O candidato a presidente do Peru Roberto Sánchez (Juntos por el Perú, esquerda) pediu na 2ª feira (22.jun.2026) a anulação dos votos emitidos no exterior no 2º turno das eleições presidenciais. Essa medida poderia afetar cerca de 300.000 votos, no momento em que a apuração oficial mostra uma pequena vantagem para a candidata de direita, Keiko Fujimori (Fuerza Popular).
Com 99,716% das urnas contabilizadas até as 8h desta 3ª feira (23.jun), Fujimori tinha 50,111% dos votos, ante 49,889% de Sánchez. A diferença era de 40.600 votos. Até o momento, mais de 19 milhões de votos foram contabilizados.

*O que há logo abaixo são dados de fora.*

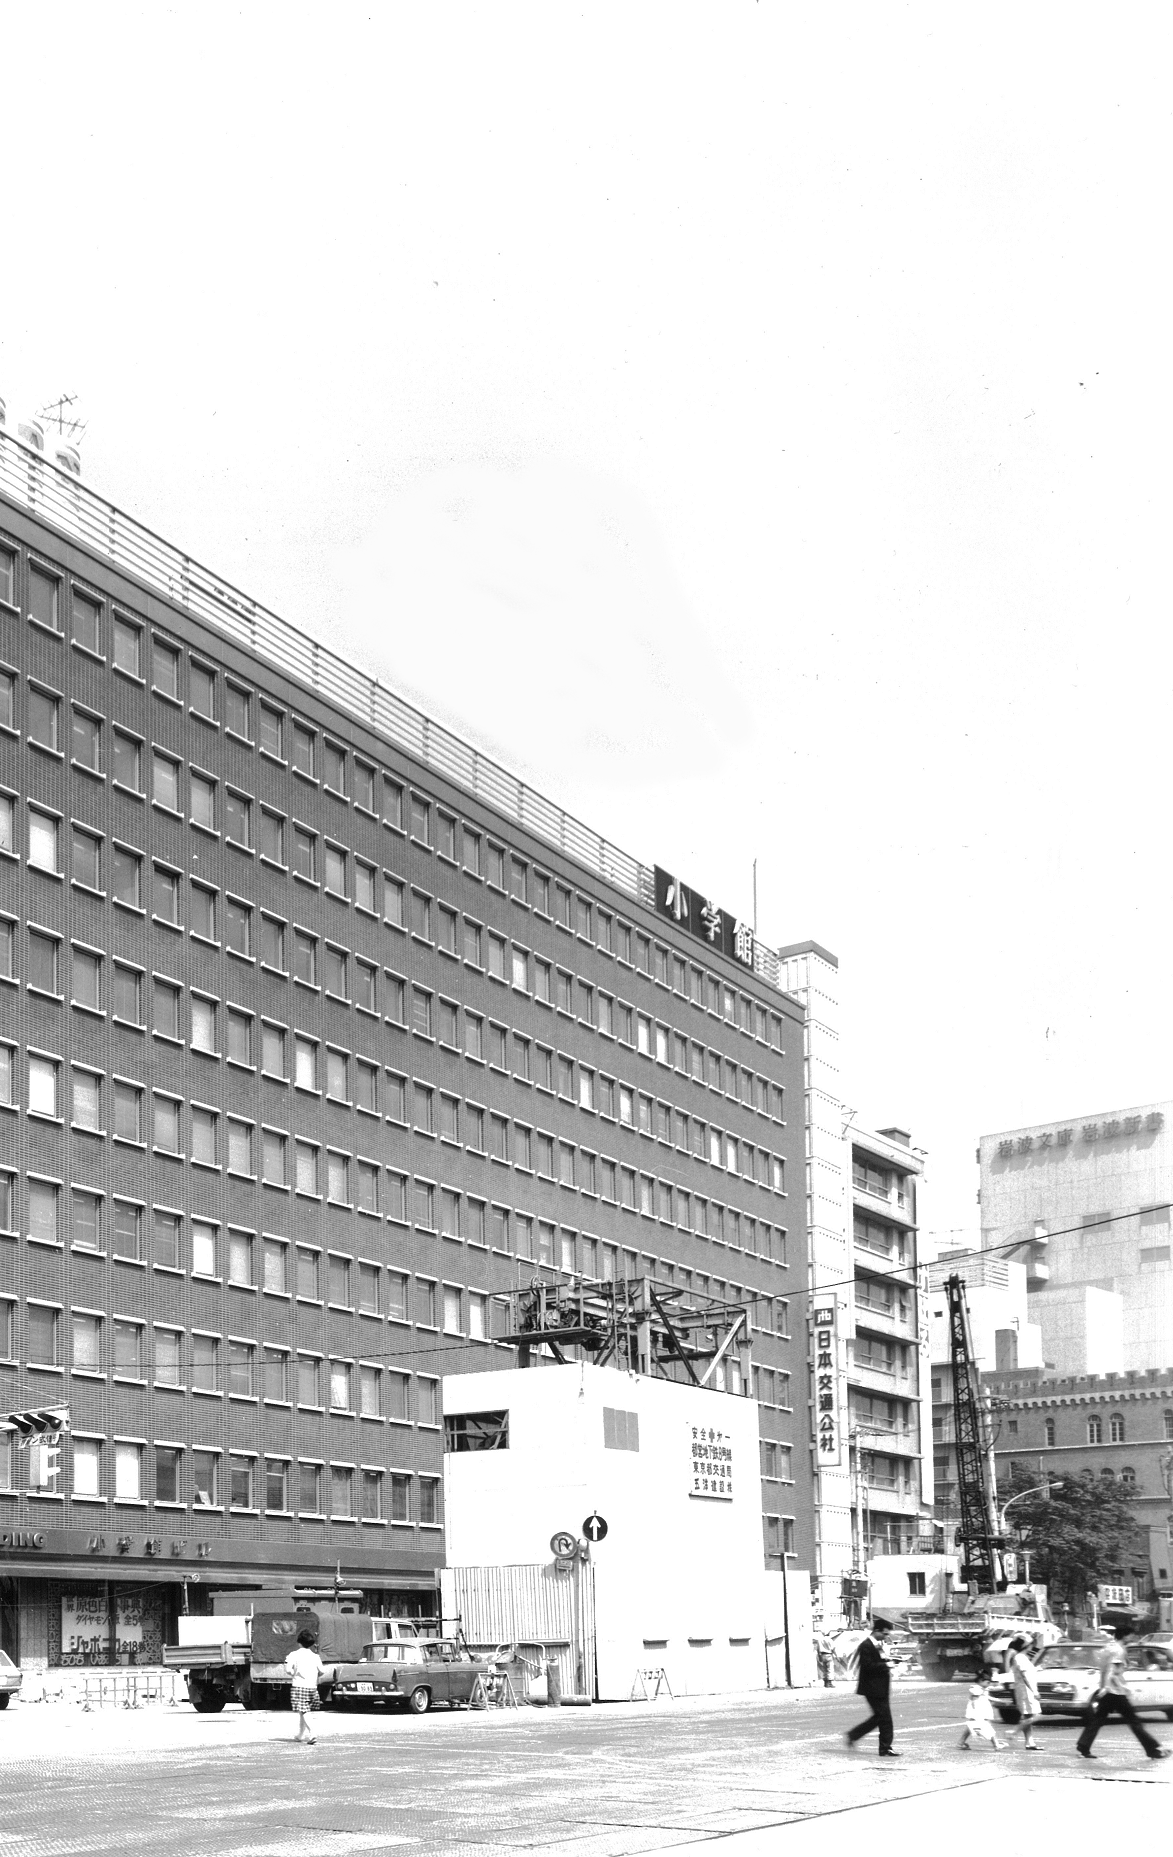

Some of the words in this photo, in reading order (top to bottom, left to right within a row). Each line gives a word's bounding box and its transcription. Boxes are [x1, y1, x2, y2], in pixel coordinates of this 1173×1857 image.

O 2º turno foi disputado em 7 de junho. Para a declaração do resultado oficial, ainda devem ser revisadas atas impugnadas que contêm quase 82.000 votos.
“Apresentamos o pedido de nulidade de ofício para que o Júri Nacional de Eleições declare a nulidade das eleições realizadas pelas 119 repartições consulares”, escreveu Sánchez no X.

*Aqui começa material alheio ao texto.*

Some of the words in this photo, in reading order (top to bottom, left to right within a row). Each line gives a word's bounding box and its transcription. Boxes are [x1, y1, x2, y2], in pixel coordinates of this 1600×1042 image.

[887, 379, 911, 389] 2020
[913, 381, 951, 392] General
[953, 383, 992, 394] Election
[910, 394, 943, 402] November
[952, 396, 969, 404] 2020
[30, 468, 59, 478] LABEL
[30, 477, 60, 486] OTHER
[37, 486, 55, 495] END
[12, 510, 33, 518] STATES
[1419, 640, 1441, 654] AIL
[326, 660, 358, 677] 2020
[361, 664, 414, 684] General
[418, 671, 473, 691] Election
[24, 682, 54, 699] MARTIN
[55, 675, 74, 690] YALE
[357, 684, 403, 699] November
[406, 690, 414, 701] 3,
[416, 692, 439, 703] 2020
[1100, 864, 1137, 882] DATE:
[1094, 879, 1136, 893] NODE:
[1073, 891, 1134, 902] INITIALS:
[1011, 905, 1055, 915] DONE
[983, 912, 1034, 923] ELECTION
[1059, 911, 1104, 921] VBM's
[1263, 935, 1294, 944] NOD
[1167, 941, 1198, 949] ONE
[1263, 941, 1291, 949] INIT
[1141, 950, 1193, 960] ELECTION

“O procedimento eleitoral foi gravemente afetado pelas modificações introduzidas a pedido do Poder Executivo (Chancelaria), especificamente no 2º turno presidencial”, disse o candidato, sem apresentar provas.

Sánchez disse que houve irregularidades administrativas e de custódia do organismo eleitoral na votação no exterior, que representa quase 300.000 votos. Afirmou que, excluindo os votos de eleitores que moram fora do país, tem uma vantagem de aproximadamente 25.000 votos sobre a adversária.
Missões de observação da OEA (Organização dos Estados Americanos) e da União Europeia afirmaram que a votação transcorreu de forma regular. Os grupos pediram que candidatos e eleitores aguardem a conclusão da apuração e da análise dos recursos.